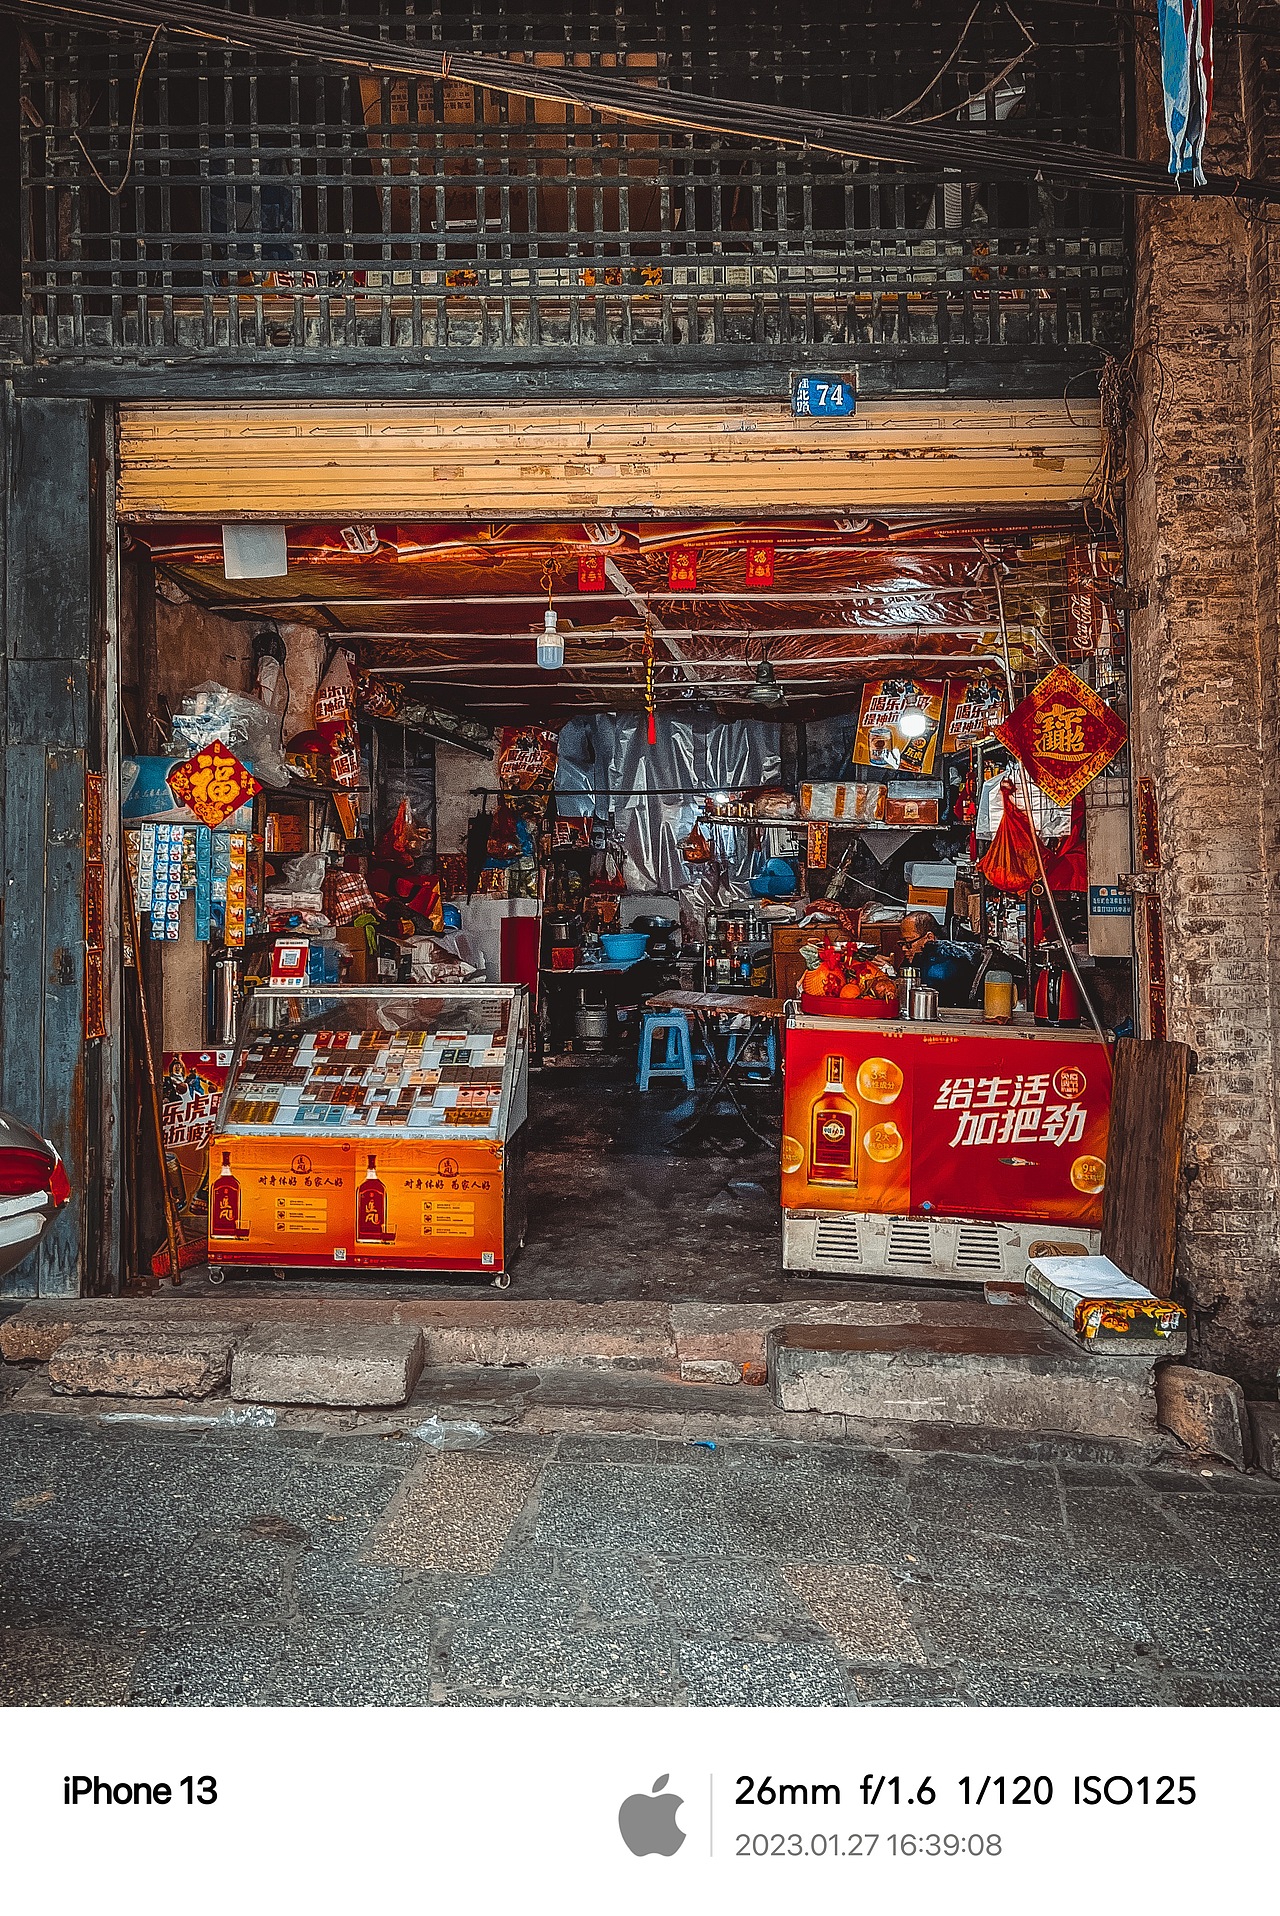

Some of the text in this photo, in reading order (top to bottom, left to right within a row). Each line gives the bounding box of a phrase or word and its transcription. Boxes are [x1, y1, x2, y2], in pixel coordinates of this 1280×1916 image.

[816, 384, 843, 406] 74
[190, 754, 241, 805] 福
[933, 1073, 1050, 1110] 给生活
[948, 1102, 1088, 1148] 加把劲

### Task objective:
When you write out the material, reproduce each line exactly and omit any picture it holds.

### Output for this task:
Some of the text in this photo, in reading order (top to bottom, left to right within a row). Each line gives the bounding box of a phrase or word and its transcription. Boxes are [x1, y1, x2, y2], in pixel coordinates of this 1280×1916 image.

[816, 384, 843, 406] 74
[190, 754, 241, 805] 福
[933, 1073, 1050, 1110] 给生活
[948, 1102, 1088, 1148] 加把劲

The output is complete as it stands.